Consumer-resource interactions constitute the fundamental building block of foodwebs, and play an essential role in ecosystem services and biological pest control. The defining feature of consumer-resource interactions is their inherent tendency to oscillate in abundance. This oscillatory tendency can be both weakened and strengthened by abiotic environmental fluctuations such as seasonal temperature variation. My dissertation focuses on the role of abiotic and biotic oscillations mediate the persistence and diversity of consumer-resource communities.

I start by investigating how seasonal temperature variation influences the persistence of tritrophic food chains consisting of multicellular ectotherms (invertebrates, fish, amphibians and reptiles). Since ectotherm body temperature depends on the environmental temperature, temperature variation has a direct effect on the physiology, behavior and population dynamics of ectothermic species. I develop a trait-based mathematical framework to investigate tri-trophic interactions amongst ectotherm species inhabiting a seasonally varying thermal environment. By incorporating mechanistic trait response functions --- derived from the first principles of thermodynamics --- into a dynamical model constructed using ordinary differential equations, I find that the persistence of tri-trophic interactions requires that each trophic level be more cold-adapted than the level below it. The model predicts that tri-trophic food chain length should increase with increasing latitude, because higher latitudes experience higher-amplitude seasonal fluctuations and more opportunities for upper trophic levels to be more cold-adapted.

Next I expand the framework described above to develop predictions of how developmentally induced time delays affect niche partitioning in seasonal environment, using delay differential equations (DDEs) to capture the effects of temperature dependent maturation rates. I find that developmental delays reduce opportunities for thermal niche partitioning by reducing the temporal separation between species, since juveniles keep maturing after the environment has become unfavorable for the focal species and favorable for its competitor. The addition of developmental delays also leads to the emergence of uninvasible attack optimum or response breadth values which maximize the overlap between the consumer species' lifetime reproductive success and the resource's fundamental thermal niche. While these uninvasible strategies preclude niche partitioning, such partitioning becomes possible when species vary in their attack optima or response breadth \textit{and} temperature sensitivity of juvenile or adult mortality.
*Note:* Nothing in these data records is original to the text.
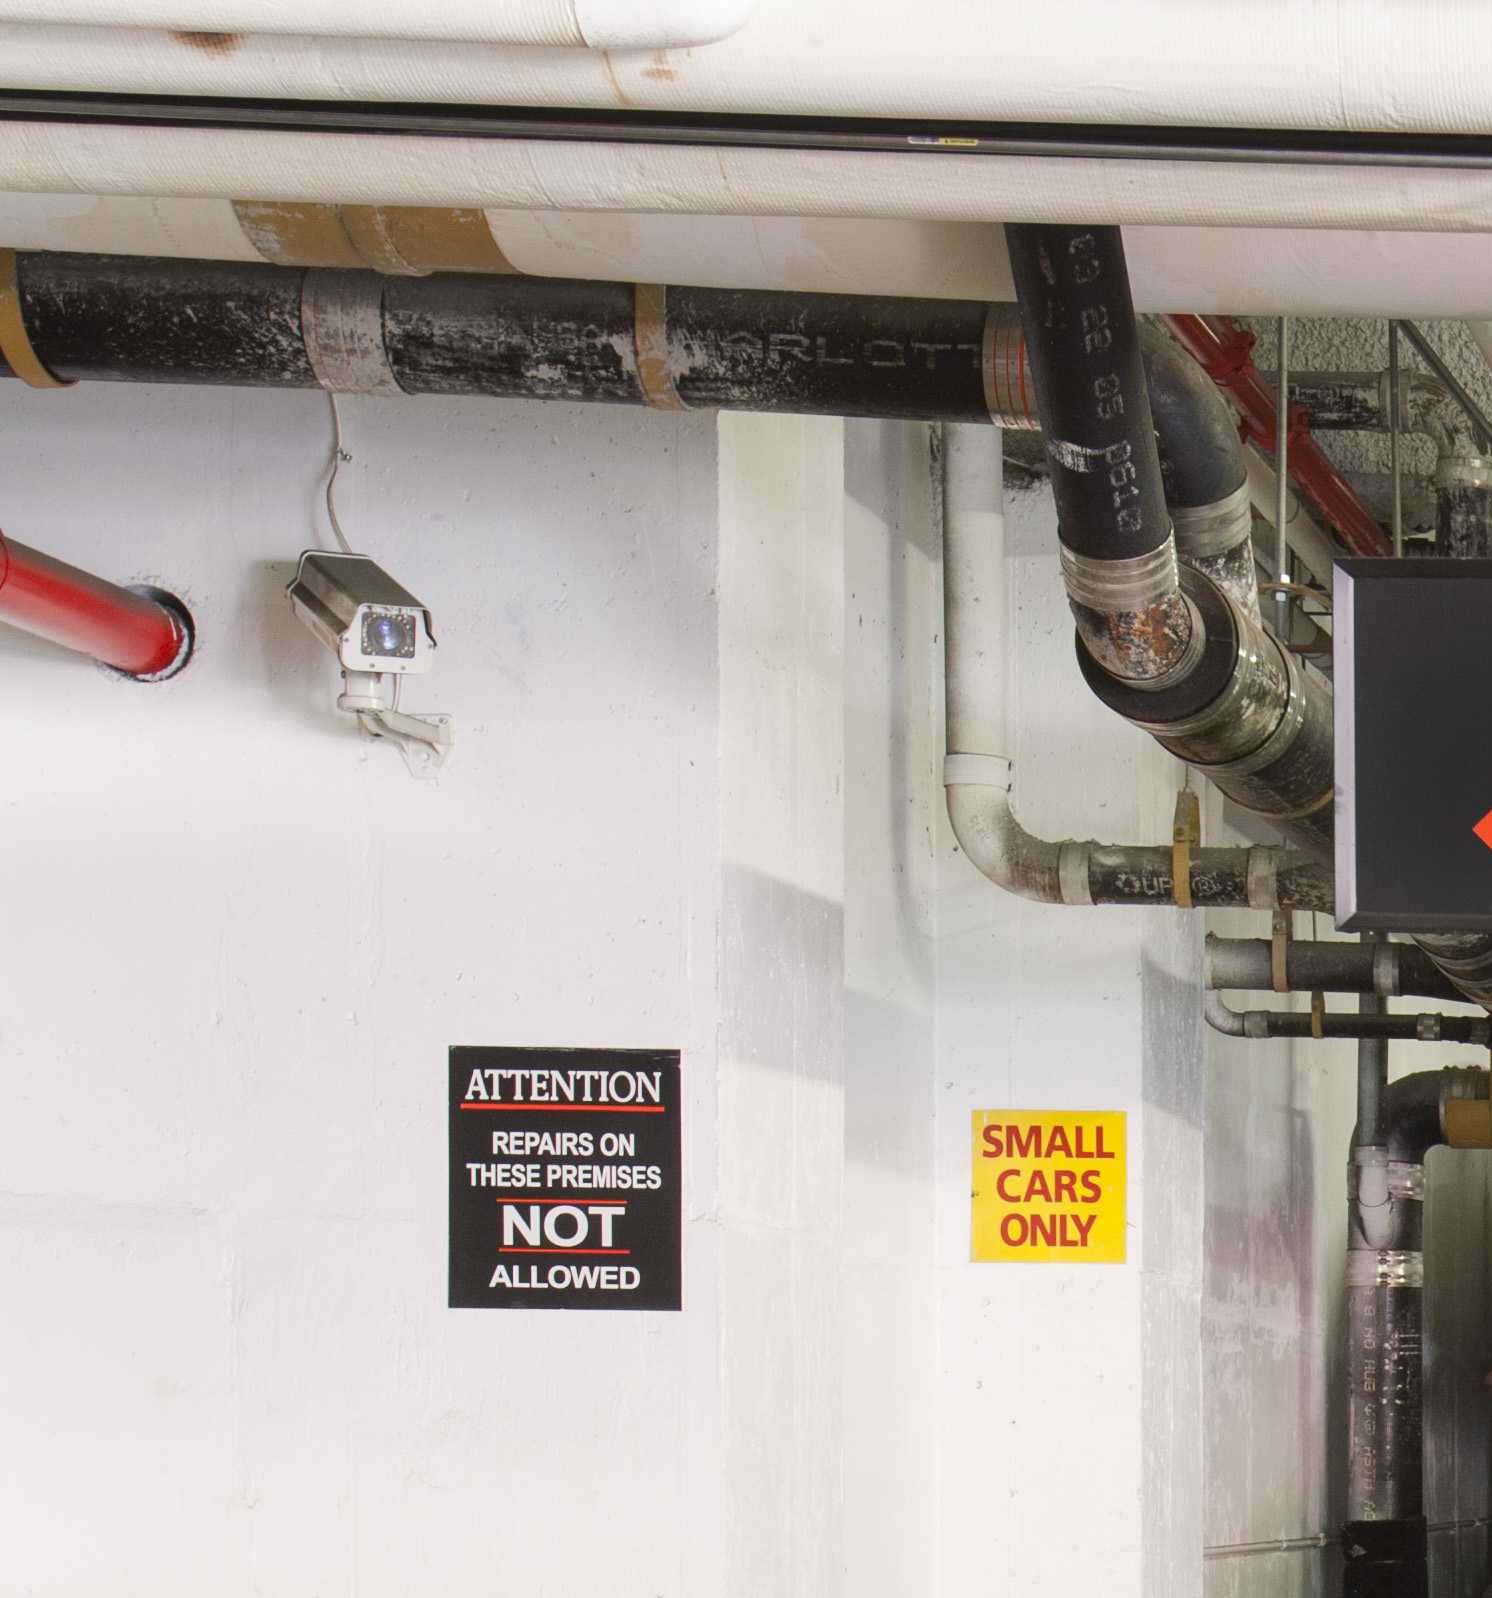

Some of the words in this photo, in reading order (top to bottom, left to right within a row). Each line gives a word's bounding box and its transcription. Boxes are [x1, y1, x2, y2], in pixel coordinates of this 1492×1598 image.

[464, 1068, 662, 1103] ATTENTION
[492, 1131, 594, 1156] REPAIRS
[599, 1132, 635, 1157] ON
[982, 1124, 1116, 1159] SMALL
[466, 1163, 541, 1187] THESE
[546, 1165, 662, 1189] PREMISES
[996, 1168, 1103, 1204] CARS
[503, 1204, 626, 1248] NOT
[1000, 1213, 1098, 1248] ONLY
[488, 1265, 641, 1289] ALLOWED
Finally, I study how stage structure and delayed negative feedback affect coexistence through relative nonlinearity. I use a DDE based model with in a constant thermal environment, using trait species values based on data from the harlequin bug and one of its parasitoids. I find that the presence of stage structure hinders coexistence through relative nonlinearity, since it reduces the differences in resource oscillations generated by consumers with different functional responses. This result is not generated by delayed application of negative feedback, and I posit that it is instead the delayed application of the positive feedback.

The work I present here addresses the interplay between a community's abiotic and biotic environments, with the latter encompassing both species life history and community structure. The frameworks developed here are based on first principles, which allows me to make general predictions on community structure, and can be parameterized with species specific data that can predict the outcomes of specific interactions. The data I use on our models include systems with important applications for pest control, so the results here can be applied to specific systems of high economic importance. Taken together, this dissertation represents a step towards a framework that advances our theoretical understanding of natural communities and their environments and has important practical applications.